A Chinese sodium-ion battery model touted as a replacement for lithium-ion cells commonly used in electric vehicles has passed a key performance benchmark, according to a new study.
Researchers say their findings are a promising indication that sodium-ion battery technology could become a cheaper alternative for use in electric vehicles and large-scale energy storage systems.
Lithium-ion cells currently dominate the energy storage sector due to their efficiency and high energy density, and are widely used across modern-day technology from smartphones to electric vehicles.
But they also suffer from a number of drawbacks, including their limited lifespans and the issue of resource scarcity. Over half of the world’s lithium reserves come from just three South American countries – Argentina, Bolivia and Chile. China, a major battery producer, has been forced to invest heavily in projects in these countries in order to secure supplies.
This is where sodium-ion batteries hold a key advantage.
Unlike lithium, sodium is abundant, meaning a switch to sodium-ion cells could reduce battery costs and supply chain concerns.
“The combination of good uniformity, high power capability, and strong low-temperature performance makes these cells attractive for stationary storage, grid services,” said Moritz Schütte, an author of the study published in Cell Reports Physical Science.
Sodium-ion batteries could be particularly critical for shorter-range or commercial electric vehicles, where lower cost and resource availability matter more than maximum driving range, scientists say.

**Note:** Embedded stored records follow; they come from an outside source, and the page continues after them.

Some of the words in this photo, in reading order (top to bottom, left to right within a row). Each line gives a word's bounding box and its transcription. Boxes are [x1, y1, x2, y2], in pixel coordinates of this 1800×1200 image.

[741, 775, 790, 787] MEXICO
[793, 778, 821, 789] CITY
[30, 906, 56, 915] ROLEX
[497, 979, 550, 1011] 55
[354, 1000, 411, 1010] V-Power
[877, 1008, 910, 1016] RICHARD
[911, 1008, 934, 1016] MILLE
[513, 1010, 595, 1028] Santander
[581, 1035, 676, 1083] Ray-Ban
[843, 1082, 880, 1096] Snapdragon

In the study, researchers analysed 120 cells from Hina – a leading Chinese startup that commercialises next-generation sodium-ion (Na-ion) batteries – under a variety of real-world operating conditions.
They assessed the performance of Hina’s sodium-ion batteries under different current and temperature levels ranging from −20 degree Celsius to 45 degree Celsius.

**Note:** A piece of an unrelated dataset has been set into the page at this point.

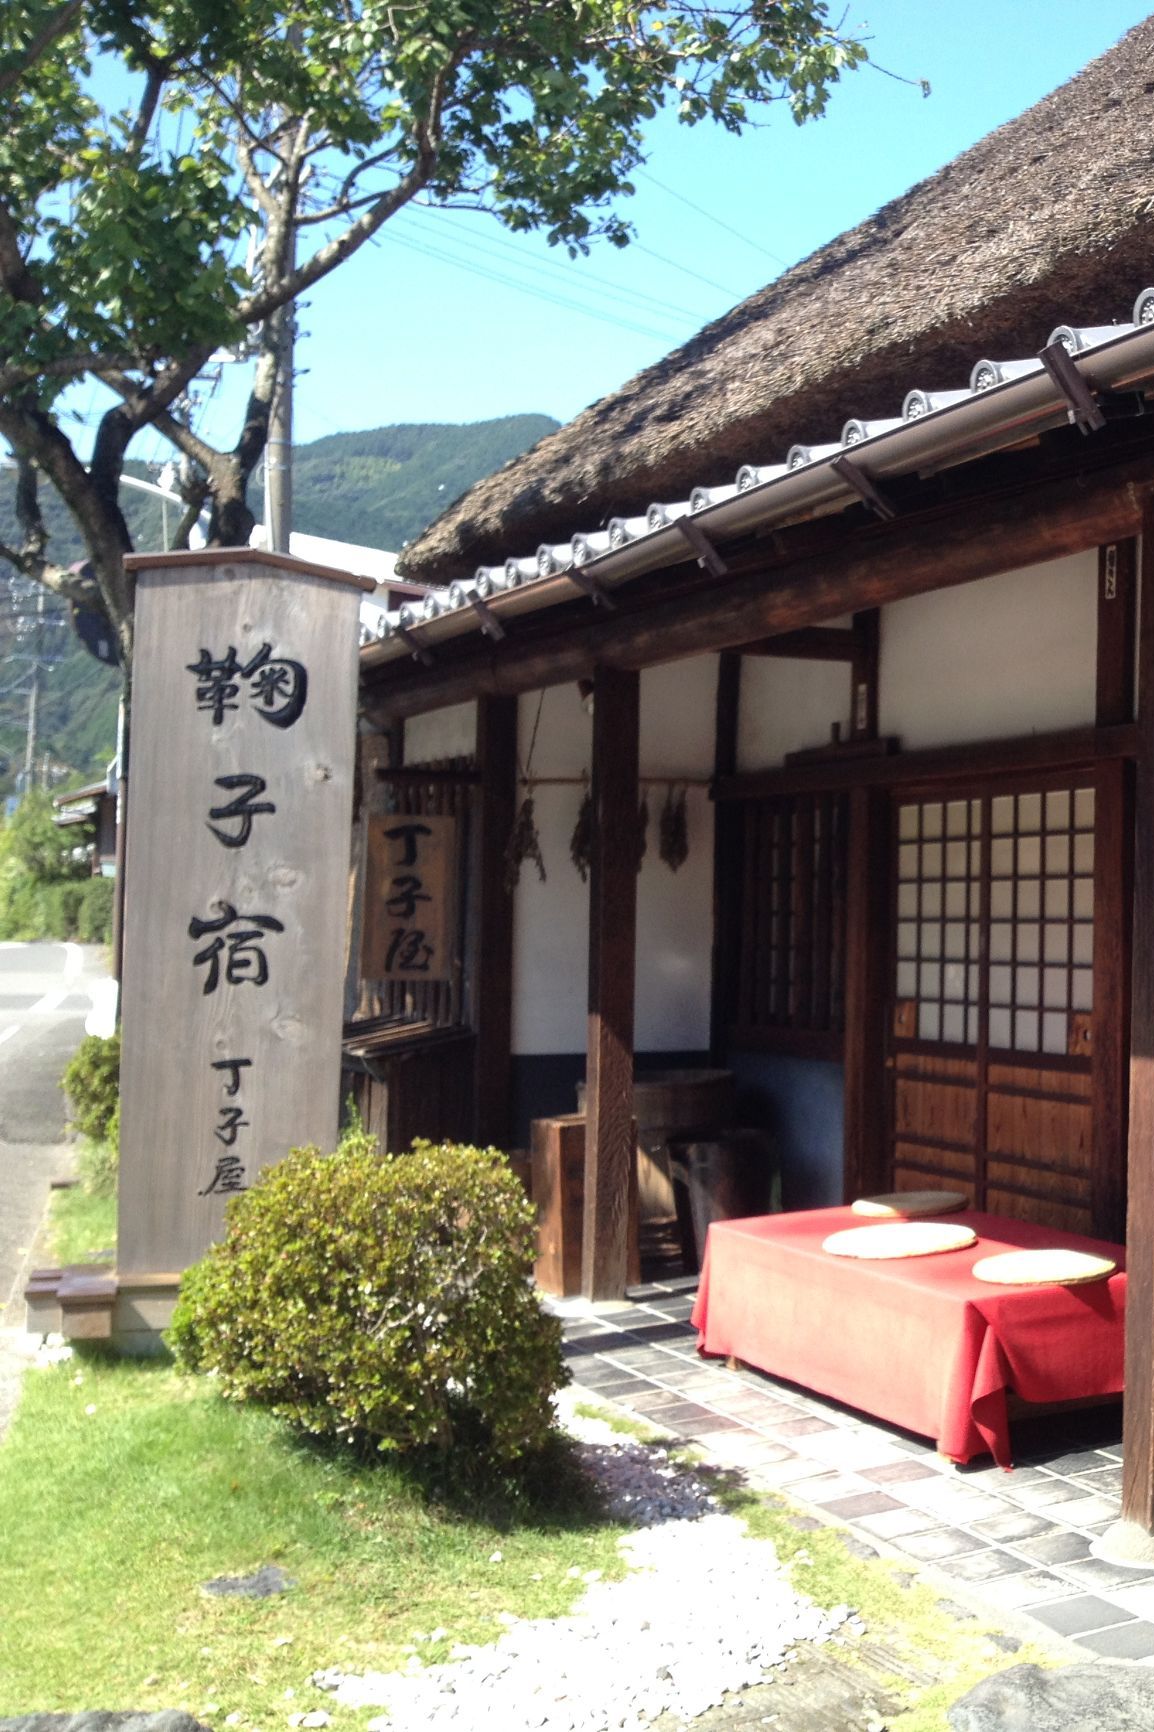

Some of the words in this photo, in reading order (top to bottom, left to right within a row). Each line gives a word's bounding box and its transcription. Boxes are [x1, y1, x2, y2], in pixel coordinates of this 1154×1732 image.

[186, 641, 308, 996] 鞠子宿
[383, 822, 434, 974] 丁子屋
[196, 1057, 252, 1196] 丁子屋

Scientists also examined the batteries internally using X-rays and disassembled them to analyse electrode dimensions, material composition, and internal structures.

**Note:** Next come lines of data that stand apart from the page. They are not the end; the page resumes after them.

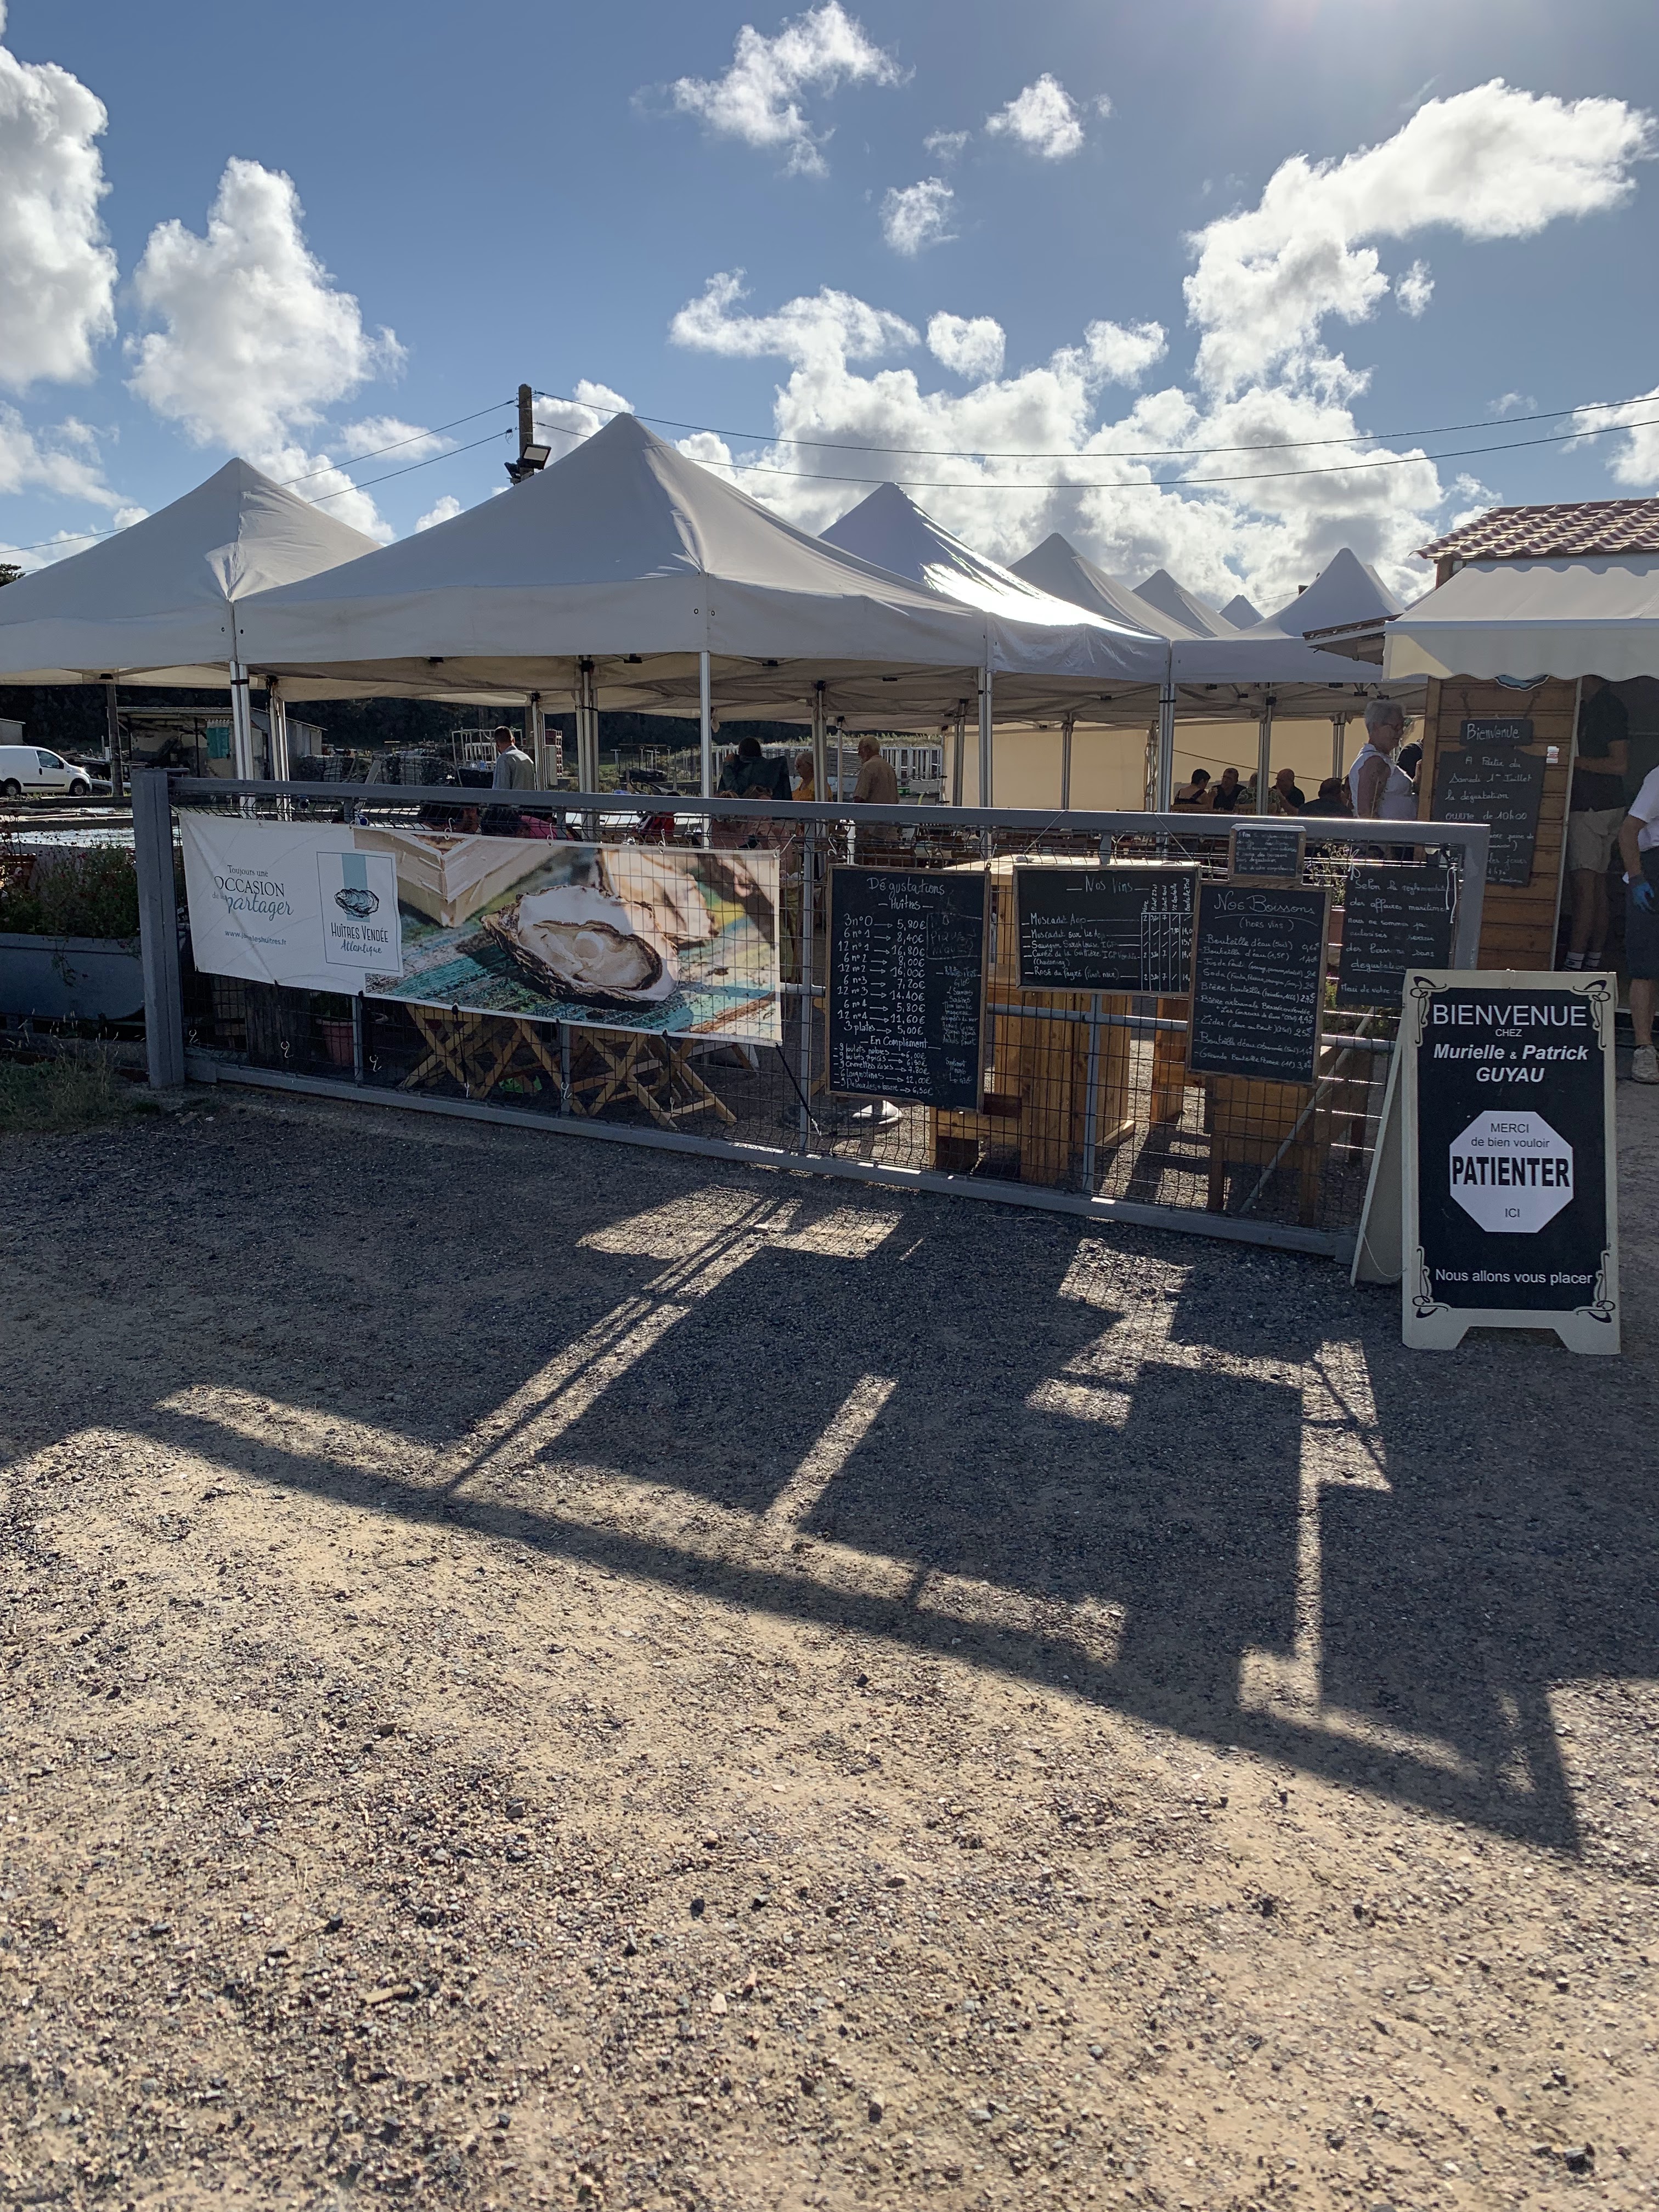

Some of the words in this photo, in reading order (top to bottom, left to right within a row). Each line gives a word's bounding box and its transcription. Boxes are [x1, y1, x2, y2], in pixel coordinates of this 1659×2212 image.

[1467, 723, 1520, 740] Bienvenue
[1465, 756, 1473, 764] A
[1483, 810, 1493, 820] de
[227, 865, 255, 876] Toujours
[214, 876, 284, 897] OCCASION
[1085, 875, 1106, 893] Nos
[1355, 878, 1381, 890] Selon
[225, 893, 294, 921] partager
[891, 894, 921, 910] Huîtres
[1214, 890, 1245, 911] Nos
[1246, 894, 1316, 915] Boissons
[331, 922, 360, 940] HUÎTRES
[361, 925, 388, 943] VENDÉE
[1204, 934, 1249, 946] Bouteille
[340, 939, 382, 957] Atlantique
[1034, 966, 1052, 976] Rosé
[1203, 968, 1226, 978] Soda
[1433, 1004, 1588, 1027] BIENVENUE
[1495, 1029, 1522, 1037] CHEZ
[871, 1035, 881, 1045] En
[883, 1037, 928, 1051] Complément
[1434, 1043, 1505, 1060] Murielle
[1510, 1051, 1517, 1059] &
[1522, 1044, 1589, 1062] Patrick
[1476, 1067, 1545, 1083] GUYAU
[1491, 1122, 1530, 1133] MERCI
[1471, 1136, 1485, 1147] de
[1488, 1137, 1510, 1147] bien
[1514, 1137, 1550, 1148] vouloir
[1452, 1155, 1571, 1187] PATIENTER
[1504, 1207, 1521, 1218] ICI
[1435, 1268, 1469, 1282] Nous
[1472, 1270, 1511, 1283] allons
[1514, 1273, 1547, 1284] vous
[1550, 1271, 1593, 1286] placer

Researchers found that the cell’s design reduced electrical resistance and promoted more even temperature distribution throughout.
This design, scientists say, closely resembles the architecture currently used in Tesla lithium batteries.
“The cell delivers performance and production quality comparable to state-of-the-art Li-ion batteries,” researchers wrote in the study.
“We were positively surprised by how uniform the cells are,” Dr Schütte said.
The study also identified several areas in which sodium-ion batteries lag behind current lithium-ion technologies.
“The high-power performance was better than one might expect from an early commercial sodium-ion product,” Dr Schütte said, adding, however, that “low-temperature charging remains a clear weakness”.
“For applications that require frequent charging at low ambient temperatures, appropriate thermal management or operating strategies will be important,” he explained.
The team also observed high concentrations of copper in some parts of the battery’s cathode, which it said “raises interesting questions about its role in performance and ageing”.
“It will be exciting to see future sodium-ion technologies that are free of nickel and copper, as well, while achieving competitive energy density,” Dr Schütte said.
The study confirmed that the cells “generally have lower energy density than the best lithium-ion cells”, he said, noting that “the technology is less mature overall”.
Scientists said there was scope to improve the charging performance of sodium-ion batteries at low temperatures and that further studies would be needed to test this.